The classic quote "Football is a gentleman's game played by hooligans, and Rugby is a hooligans' game played by gentlemen," was originally made by a Cambridge University Chancellor in the 1890s as "It is clear that one is a gentleman's game played by hooligans; the other a hooligan's game played by gentlemen."

== Injuries ==
About a quarter of rugby players are injured in each season.

Being a high contact sport, rugby union has the highest announced rates of concussions and outside England also has the highest number of catastrophic injuries among team sports. A 2014 study found that during match play concussion was reported at a higher level, and during training at a lower level, but still at a higher level than most players of any other sport receive.

== Rugby ball ==
In rugby union, World Rugby regulates the size and shape of the ball under Law 2 (also known as Law E.R.B); an official rugby union ball is oval and made of four panels, has a length in-line of 280–300 millimetres, a circumference (end to end) of 740–770 millimetres, and a circumference (in width) of 580–620 millimetres. It is made of leather or suitable synthetic material and may be treated to make it water resistant and easier to grip. The rugby ball may not weigh more than 460 grams or less than 410 and has an air pressure of 65.71–68.75 kilopascals, or 0.67–0.70 kilograms per square centimetre, or 9.5–10.0 lbs per square inch. Spare balls are allowed under the condition that players or teams do not seek an advantage by changing the ball. Smaller sized balls may also be used in games between younger players.

== World Cups ==
The Rugby League World Cup was the first World Cup of either of the rugby codes and was first held in France in 1954. It is an international tournament that is organized by the International Rugby League on a four-year cycle. The event features the top 16 teams in the world with three different winners so far.
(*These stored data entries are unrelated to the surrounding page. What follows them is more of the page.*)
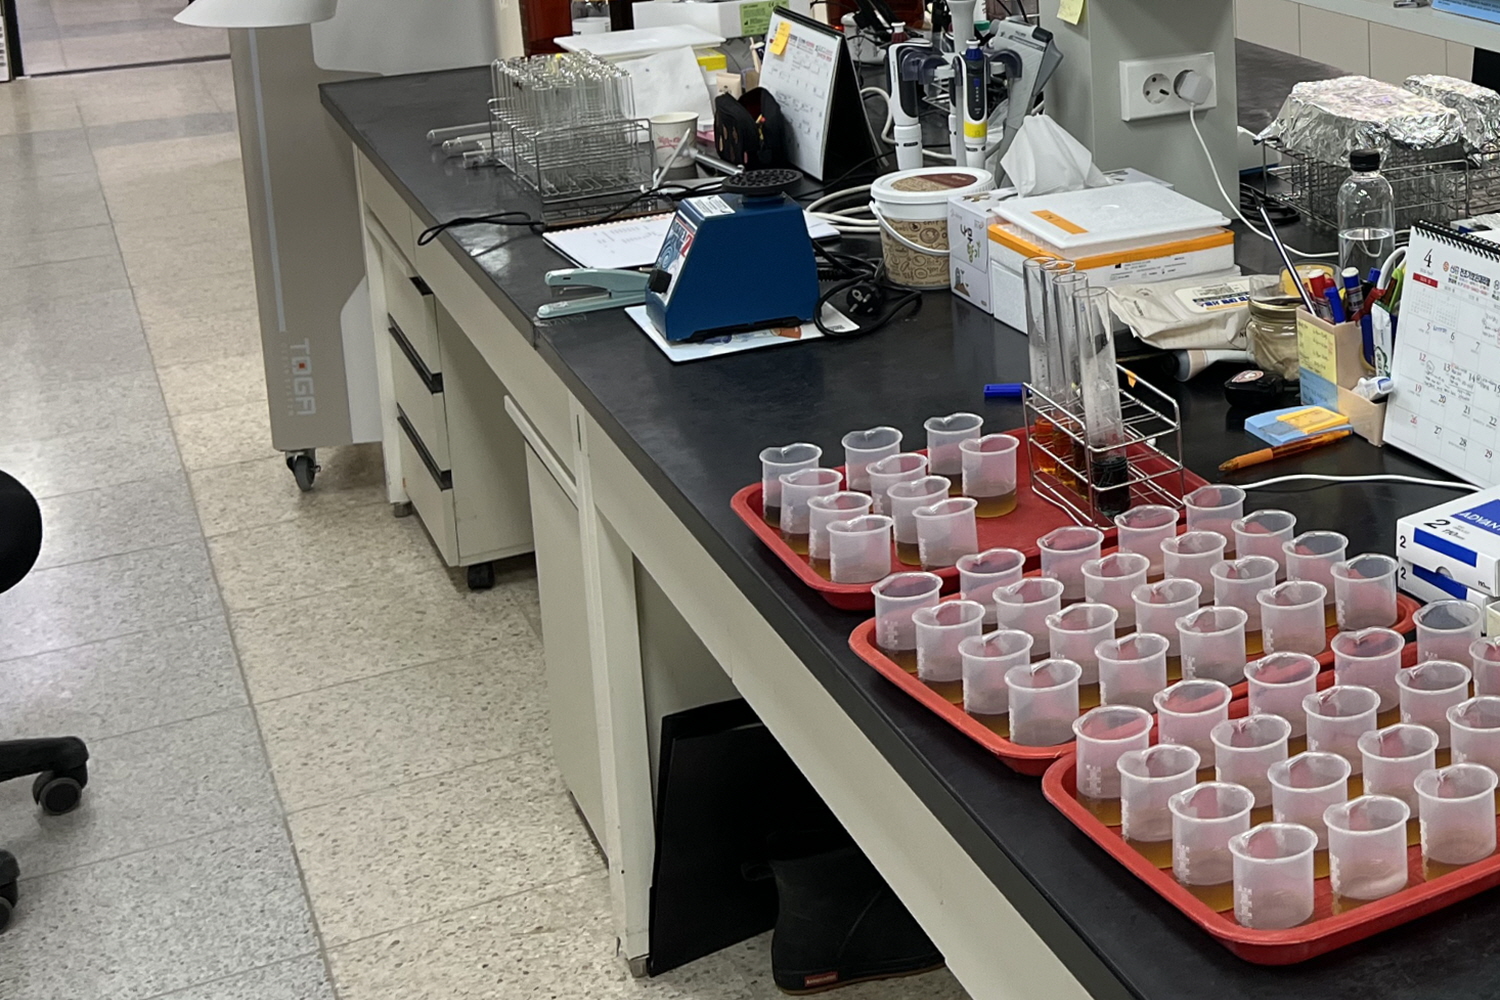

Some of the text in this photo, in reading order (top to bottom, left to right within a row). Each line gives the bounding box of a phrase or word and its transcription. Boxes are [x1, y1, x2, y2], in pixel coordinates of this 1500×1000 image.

[1423, 248, 1433, 268] 4
[1426, 322, 1431, 332] 5
[1450, 331, 1455, 341] 6
[1475, 341, 1480, 351] 7
[1419, 353, 1426, 362] 12
[1443, 363, 1451, 373] 13
[1468, 372, 1476, 383] 14
[1493, 382, 1500, 394] 15
[1415, 384, 1422, 393] 19
[1438, 394, 1447, 404] 20
[1463, 405, 1471, 415] 21
[1489, 416, 1498, 426] 22
[1410, 415, 1418, 425] 26
[1434, 426, 1442, 435] 27
[1459, 437, 1467, 447] 28
[1484, 449, 1493, 459] 29
[1424, 519, 1441, 529] 2
[1399, 535, 1407, 549] 2
[1400, 566, 1407, 580] 2
Australia won the 2017 Rugby League World Cup, played in Australia, New Zealand and Papua New Guinea, and backed this up by winning the 2021 tournament. The Women's Rugby League World Cup was first held in 2000 and New Zealand won the inaugural tournament. The Wheelchair Rugby League World Cup, first held in 2008, is played by wheelchair-using teams and England won the inaugural tournament.

In rugby union, the Rugby World Cup, which was first held in New Zealand and Australia in 1987, occurs every four years. It is an international tournament organized by World Rugby. South Africa won the 2023 Rugby World Cup, which was played in France. The Women's Rugby World Cup was first held in 1991 and the United States won the inaugural tournament.